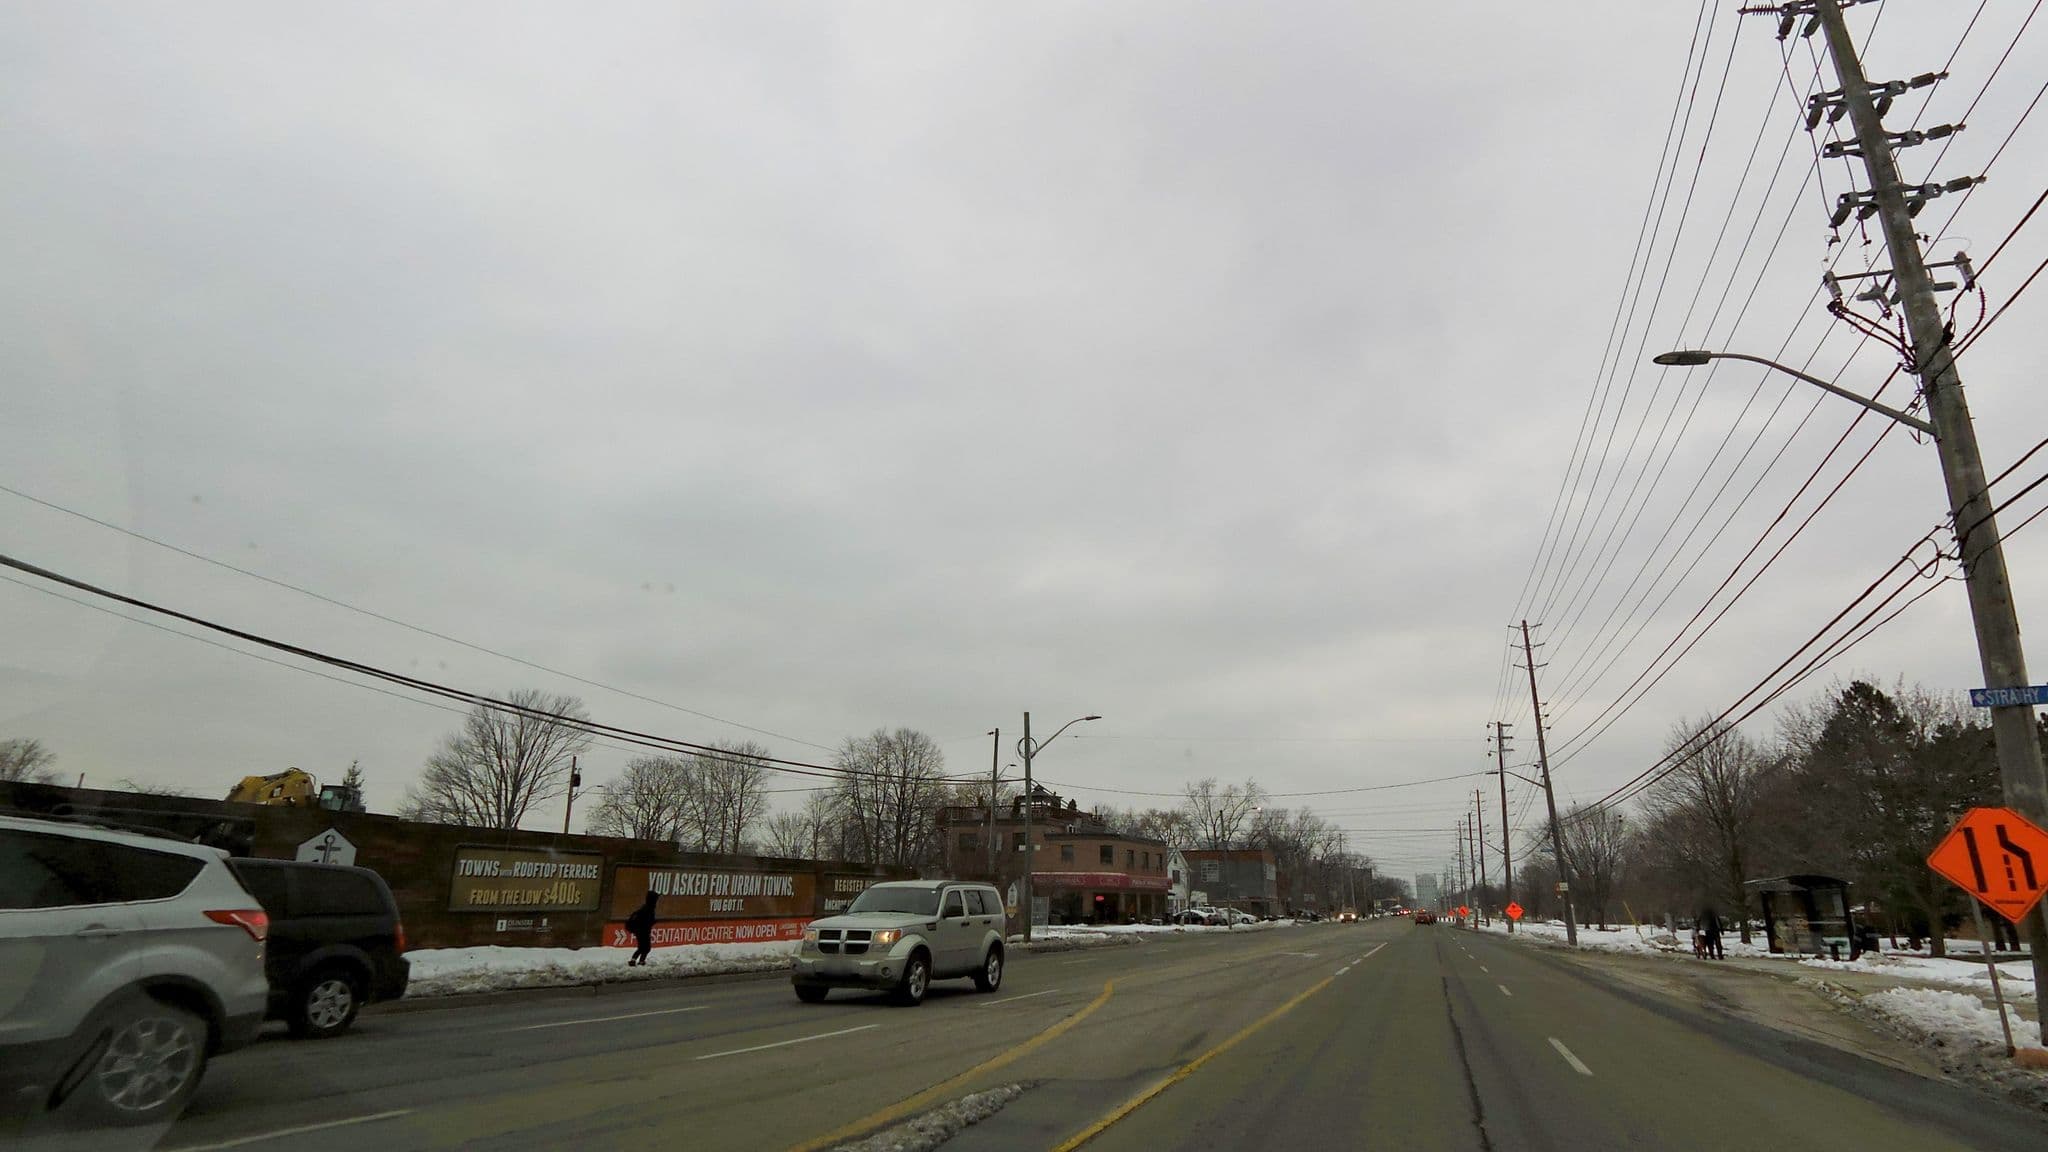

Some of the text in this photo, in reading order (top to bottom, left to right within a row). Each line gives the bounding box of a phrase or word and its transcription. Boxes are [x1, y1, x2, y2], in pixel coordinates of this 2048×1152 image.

[459, 860, 500, 877] TOWNS
[512, 861, 557, 878] ROOFTOP
[559, 863, 599, 879] TERRACE
[648, 872, 795, 897] YOU ASKED FOR URBAN TOWNS.
[834, 879, 865, 893] REGISTER
[469, 889, 499, 905] FROM
[500, 890, 520, 905] THE
[520, 890, 543, 905] LOW
[709, 898, 722, 912] YOU
[722, 899, 737, 912] GOT
[701, 926, 733, 942] CENTRE
[735, 925, 756, 940] NOW
[756, 924, 777, 939] OPEN
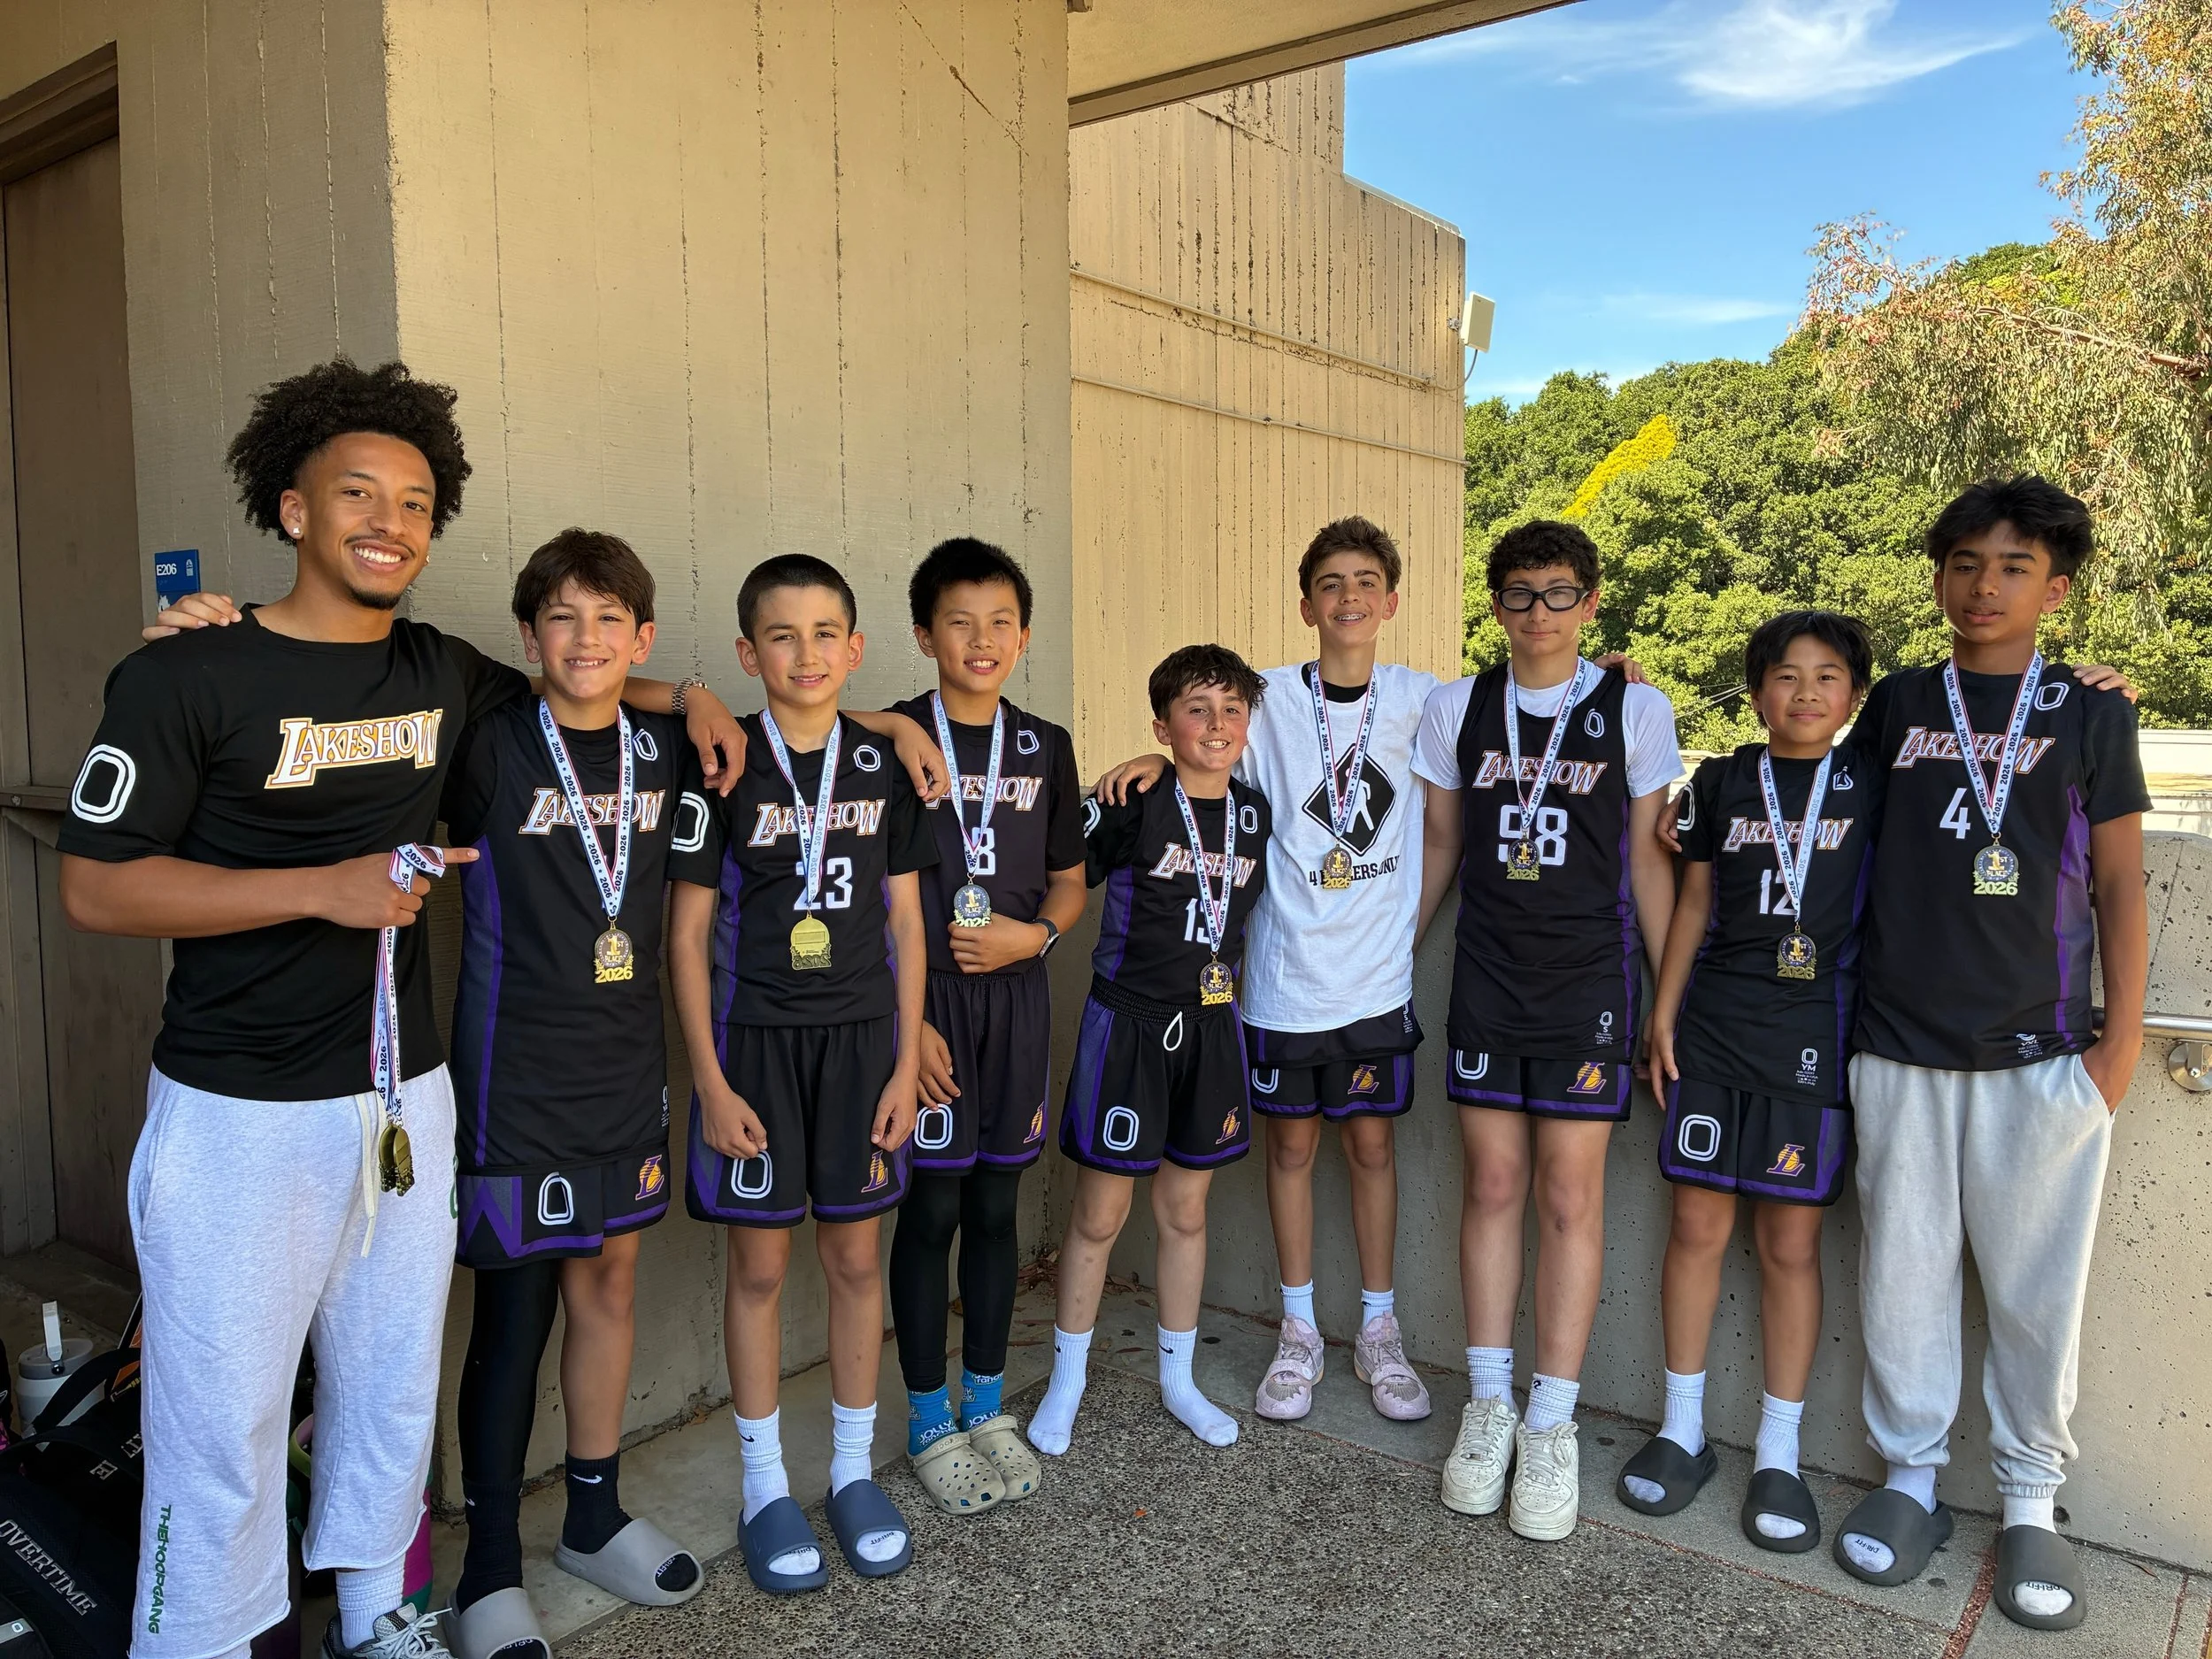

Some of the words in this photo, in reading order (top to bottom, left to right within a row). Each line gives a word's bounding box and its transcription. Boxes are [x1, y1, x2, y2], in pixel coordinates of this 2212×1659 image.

> **WORK INSTRUCTION**
Output every entry above verbatim, but leave out the pictures.

> **RESULT FOR THIS TASK**
Some of the text in this photo, in reading order (top to bottom, left to right within a row). Each line gives the bounding box of a phrase or word and its transcription. Boxes are [x1, y1, x2, y2], in pixel coordinates of this 2048×1152 image.

[459, 860, 500, 877] TOWNS
[512, 861, 557, 878] ROOFTOP
[559, 863, 599, 879] TERRACE
[648, 872, 795, 897] YOU ASKED FOR URBAN TOWNS.
[834, 879, 865, 893] REGISTER
[469, 889, 499, 905] FROM
[500, 890, 520, 905] THE
[520, 890, 543, 905] LOW
[709, 898, 722, 912] YOU
[722, 899, 737, 912] GOT
[701, 926, 733, 942] CENTRE
[735, 925, 756, 940] NOW
[756, 924, 777, 939] OPEN

Some of the words in this photo, in reading order (top to bottom, left to right within a row). Each line gives a word's bounding box and its transcription. Boxes are [x1, y1, x2, y2], in pixel coordinates of this 2212×1659 image.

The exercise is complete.